* **INFORMATION GIVEN**:
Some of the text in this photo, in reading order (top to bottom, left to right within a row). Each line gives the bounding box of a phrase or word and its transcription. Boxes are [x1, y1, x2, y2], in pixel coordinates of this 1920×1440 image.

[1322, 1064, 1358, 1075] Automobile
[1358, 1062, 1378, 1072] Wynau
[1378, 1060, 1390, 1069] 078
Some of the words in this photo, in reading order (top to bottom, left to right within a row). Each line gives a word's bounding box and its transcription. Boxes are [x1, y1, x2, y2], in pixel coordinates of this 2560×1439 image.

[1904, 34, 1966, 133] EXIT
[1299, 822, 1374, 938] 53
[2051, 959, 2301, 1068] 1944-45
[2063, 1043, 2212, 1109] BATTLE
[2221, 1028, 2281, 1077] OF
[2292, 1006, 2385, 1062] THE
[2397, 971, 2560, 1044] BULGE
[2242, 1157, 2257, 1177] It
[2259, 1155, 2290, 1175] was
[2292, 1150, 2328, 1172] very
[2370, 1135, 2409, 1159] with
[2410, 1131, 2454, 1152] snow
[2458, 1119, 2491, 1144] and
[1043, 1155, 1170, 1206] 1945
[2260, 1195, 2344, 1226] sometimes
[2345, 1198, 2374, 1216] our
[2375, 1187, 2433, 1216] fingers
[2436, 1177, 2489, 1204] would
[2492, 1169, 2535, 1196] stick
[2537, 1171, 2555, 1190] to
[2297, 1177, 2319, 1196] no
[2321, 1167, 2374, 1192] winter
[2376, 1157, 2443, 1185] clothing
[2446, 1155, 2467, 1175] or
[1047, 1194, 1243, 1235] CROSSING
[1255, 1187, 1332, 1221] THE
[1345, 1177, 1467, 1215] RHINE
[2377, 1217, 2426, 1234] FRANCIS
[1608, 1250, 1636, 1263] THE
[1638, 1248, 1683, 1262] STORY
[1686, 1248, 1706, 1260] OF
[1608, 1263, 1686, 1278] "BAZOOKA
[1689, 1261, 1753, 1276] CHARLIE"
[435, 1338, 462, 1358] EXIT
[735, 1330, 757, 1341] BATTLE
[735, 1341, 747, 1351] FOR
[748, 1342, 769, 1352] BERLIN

* **WORK INSTRUCTION**:
All of the material should be set down exactly as it reads.

* **SOLUTION TO THE PROBLEM**:
Some of the text in this photo, in reading order (top to bottom, left to right within a row). Each line gives the bounding box of a phrase or word and its transcription. Boxes are [x1, y1, x2, y2], in pixel coordinates of this 1920×1440 image.

[1322, 1064, 1358, 1075] Automobile
[1358, 1062, 1378, 1072] Wynau
[1378, 1060, 1390, 1069] 078
Some of the words in this photo, in reading order (top to bottom, left to right within a row). Each line gives a word's bounding box and its transcription. Boxes are [x1, y1, x2, y2], in pixel coordinates of this 2560×1439 image.

[1904, 34, 1966, 133] EXIT
[1299, 822, 1374, 938] 53
[2051, 959, 2301, 1068] 1944-45
[2063, 1043, 2212, 1109] BATTLE
[2221, 1028, 2281, 1077] OF
[2292, 1006, 2385, 1062] THE
[2397, 971, 2560, 1044] BULGE
[2242, 1157, 2257, 1177] It
[2259, 1155, 2290, 1175] was
[2292, 1150, 2328, 1172] very
[2370, 1135, 2409, 1159] with
[2410, 1131, 2454, 1152] snow
[2458, 1119, 2491, 1144] and
[1043, 1155, 1170, 1206] 1945
[2260, 1195, 2344, 1226] sometimes
[2345, 1198, 2374, 1216] our
[2375, 1187, 2433, 1216] fingers
[2436, 1177, 2489, 1204] would
[2492, 1169, 2535, 1196] stick
[2537, 1171, 2555, 1190] to
[2297, 1177, 2319, 1196] no
[2321, 1167, 2374, 1192] winter
[2376, 1157, 2443, 1185] clothing
[2446, 1155, 2467, 1175] or
[1047, 1194, 1243, 1235] CROSSING
[1255, 1187, 1332, 1221] THE
[1345, 1177, 1467, 1215] RHINE
[2377, 1217, 2426, 1234] FRANCIS
[1608, 1250, 1636, 1263] THE
[1638, 1248, 1683, 1262] STORY
[1686, 1248, 1706, 1260] OF
[1608, 1263, 1686, 1278] "BAZOOKA
[1689, 1261, 1753, 1276] CHARLIE"
[435, 1338, 462, 1358] EXIT
[735, 1330, 757, 1341] BATTLE
[735, 1341, 747, 1351] FOR
[748, 1342, 769, 1352] BERLIN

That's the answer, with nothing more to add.